The Lutheran Home in Germantown, now Silver Springs – Martin Luther School, began in 1859 as an orphanage for children that was originally located in the Mt. Airy, Philadelphia. This institution was a continuation of the work of Rev. William A. Passavant but was founded and managed by Elizabeth Fry Ashmead Schaeffer, who received a single dollar from Passavant and began the mission. The Lutheran Home in Germantown later moved to the Silver Springs property in Plymouth Meeting, Pennsylvania, where it continues as a residential treatment facility for children and school for elementary students and middle schoolers.

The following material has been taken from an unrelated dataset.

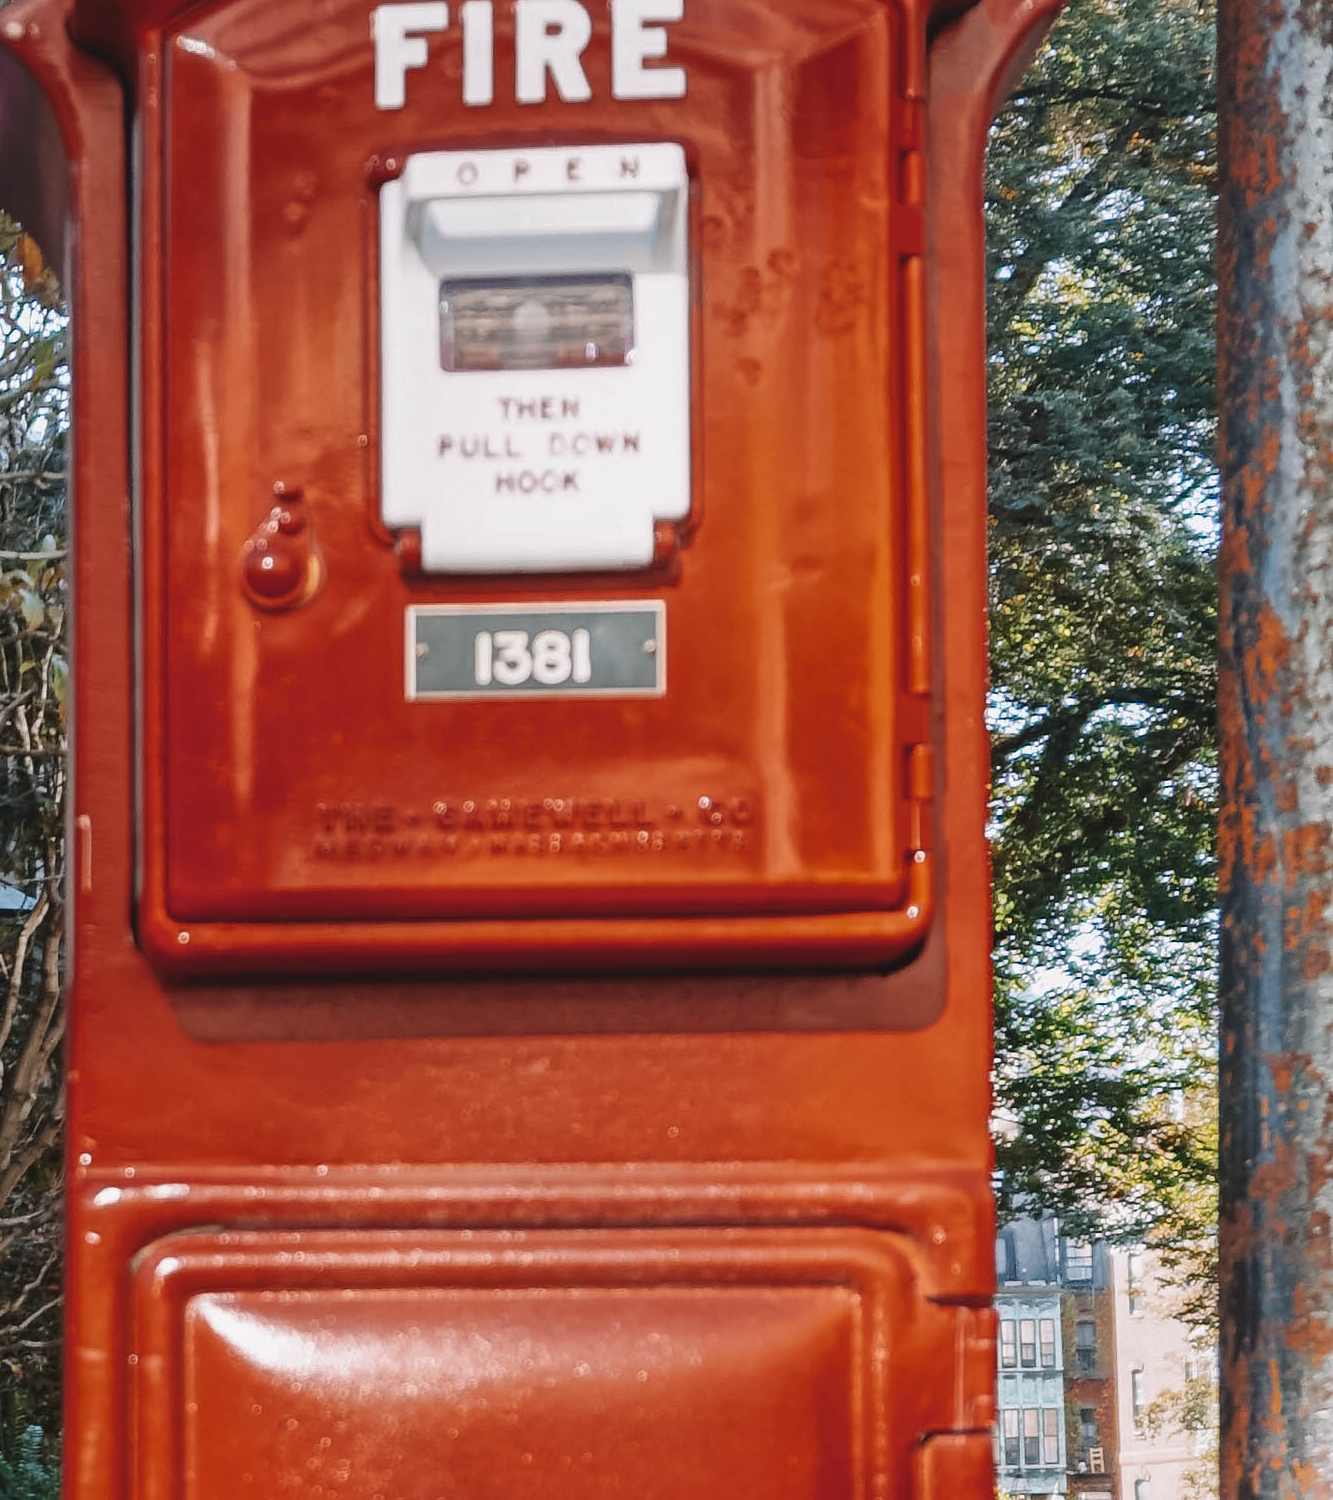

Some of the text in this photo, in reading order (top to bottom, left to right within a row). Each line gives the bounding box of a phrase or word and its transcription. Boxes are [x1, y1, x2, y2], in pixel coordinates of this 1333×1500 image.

== Story of the first dollar ==
The Lutheran Home in Germantown was a continuation of the work of the Rev. William A. Passavant, who was famous for his work not only as an abolitionist and Lutheran pastor, but also as one of the proponents of social ministries in the Lutheran Church through the Passavant charitable institutions that he created. This Lutheran Home in Germantown was not organically connected with the Passavant Home and Farm School of Zelienople but was an offshoot, thanks to the help of the founding director of the home in Germantown, Elizabeth Ashmead Schaeffer.

In 1852, on his way to the Ministerium of Pennsylvania, Passavant stopped off in Womelsdorf, and inspected an orphanage of the Reformed Church. Reaching Philadelphia, he visited the home of Elizabeth Ashmead Schaeffer and the Pastor of St. Michael's Church of Germantown, Charles W. Schaeffer, and (as one account states) he told Mrs. Schaeffer, "Why cannot the Lutherans have an orphanage as well and the Reformed? Now, everything must have a beginning: I will give you the first dollar." Elizabeth Schaeffer would place that dollar in her knitted purse that would be cherished by the Home in Germantown for generations.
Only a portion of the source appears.